Work item: The entries below should be given again exactly, minus their pictures.

━━━ Data provided ━━━

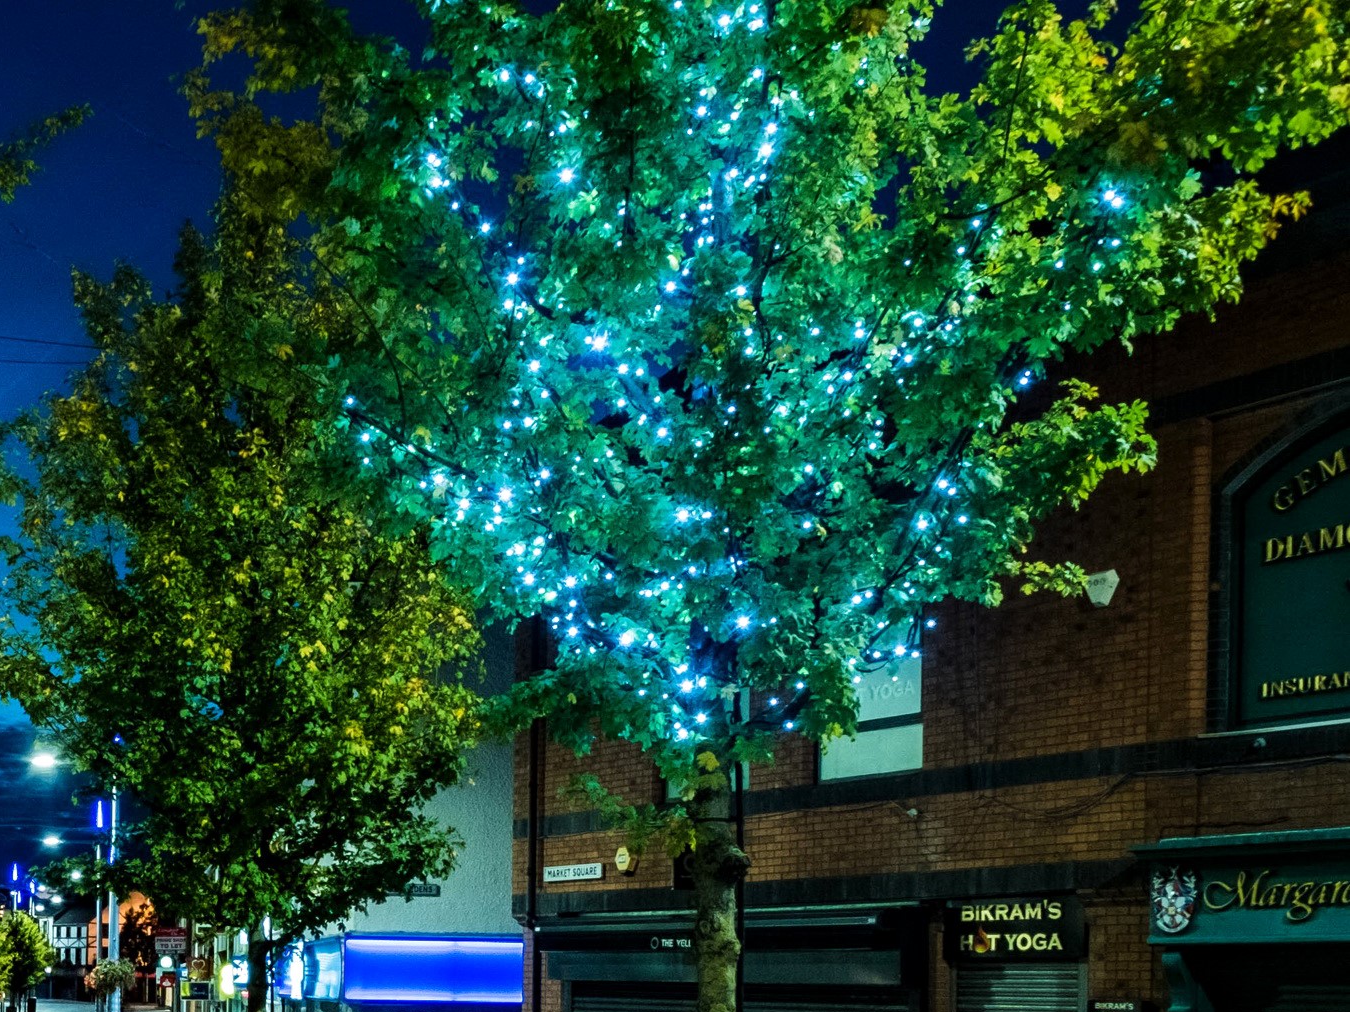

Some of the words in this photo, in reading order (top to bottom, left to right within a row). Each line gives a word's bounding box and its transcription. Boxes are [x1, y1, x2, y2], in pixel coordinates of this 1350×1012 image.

[547, 869, 570, 878] MARKET
[572, 866, 597, 877] SQUARE
[961, 899, 1062, 922] BIKRAM'S
[661, 938, 674, 947] THE
[1005, 932, 1063, 951] YOGA
[1095, 1002, 1134, 1011] BIKRAM'S
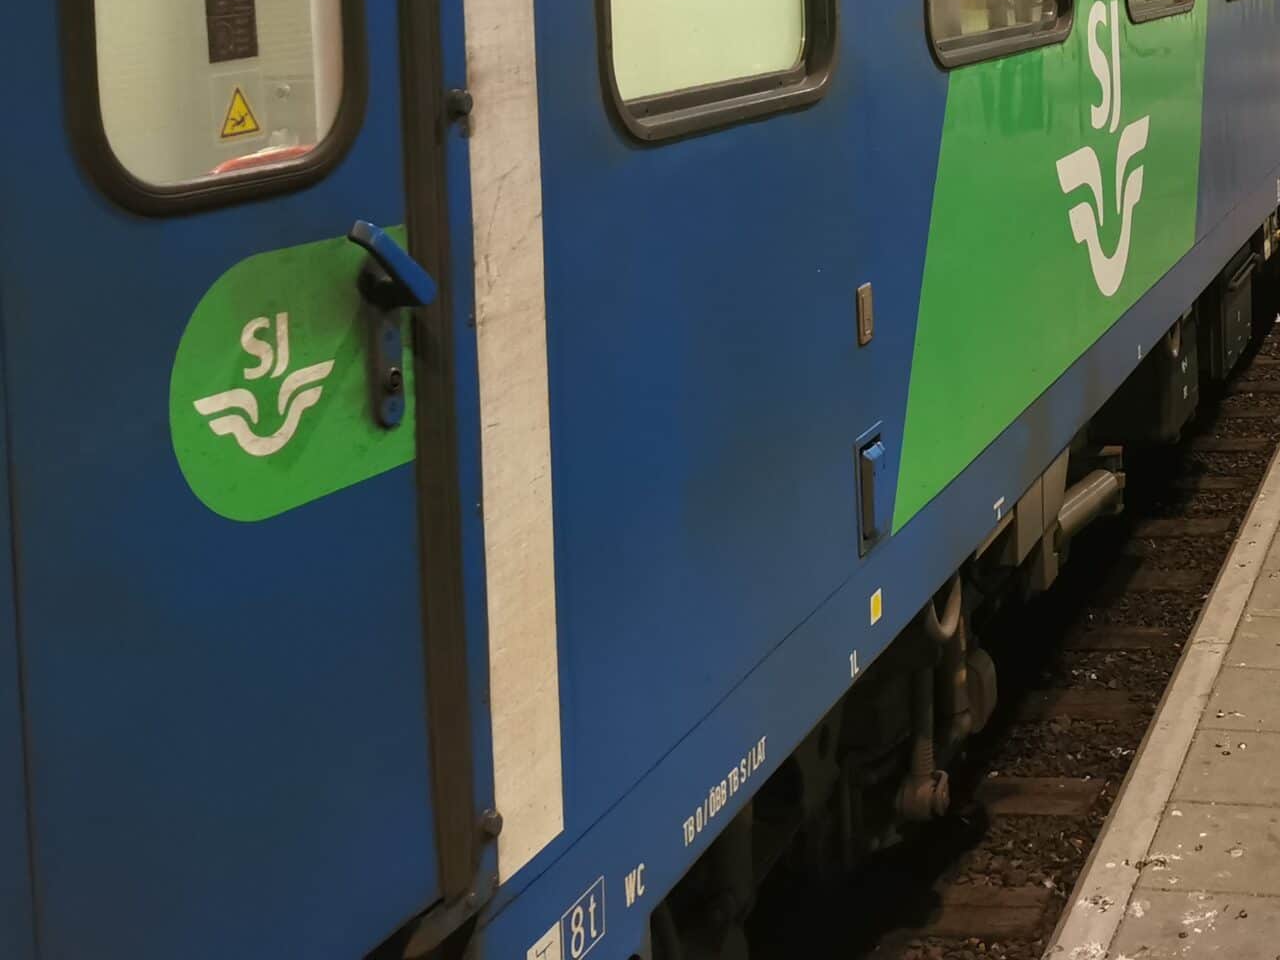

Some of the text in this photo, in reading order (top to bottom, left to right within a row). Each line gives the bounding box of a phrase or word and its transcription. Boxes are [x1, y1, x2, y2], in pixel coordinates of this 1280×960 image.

━━━

Answer section:
Some of the words in this photo, in reading order (top to bottom, left to right within a row). Each line gives a word's bounding box and its transcription. Boxes are [x1, y1, x2, y2], in pixel coordinates of this 1350×1012 image.

[547, 869, 570, 878] MARKET
[572, 866, 597, 877] SQUARE
[961, 899, 1062, 922] BIKRAM'S
[661, 938, 674, 947] THE
[1005, 932, 1063, 951] YOGA
[1095, 1002, 1134, 1011] BIKRAM'S

Some of the text in this photo, in reading order (top to bottom, left to right within a row). Each line gives the bounding box of a phrase or word and its transcription. Boxes are [x1, y1, x2, y2], in pixel coordinates of this 1280×960 image.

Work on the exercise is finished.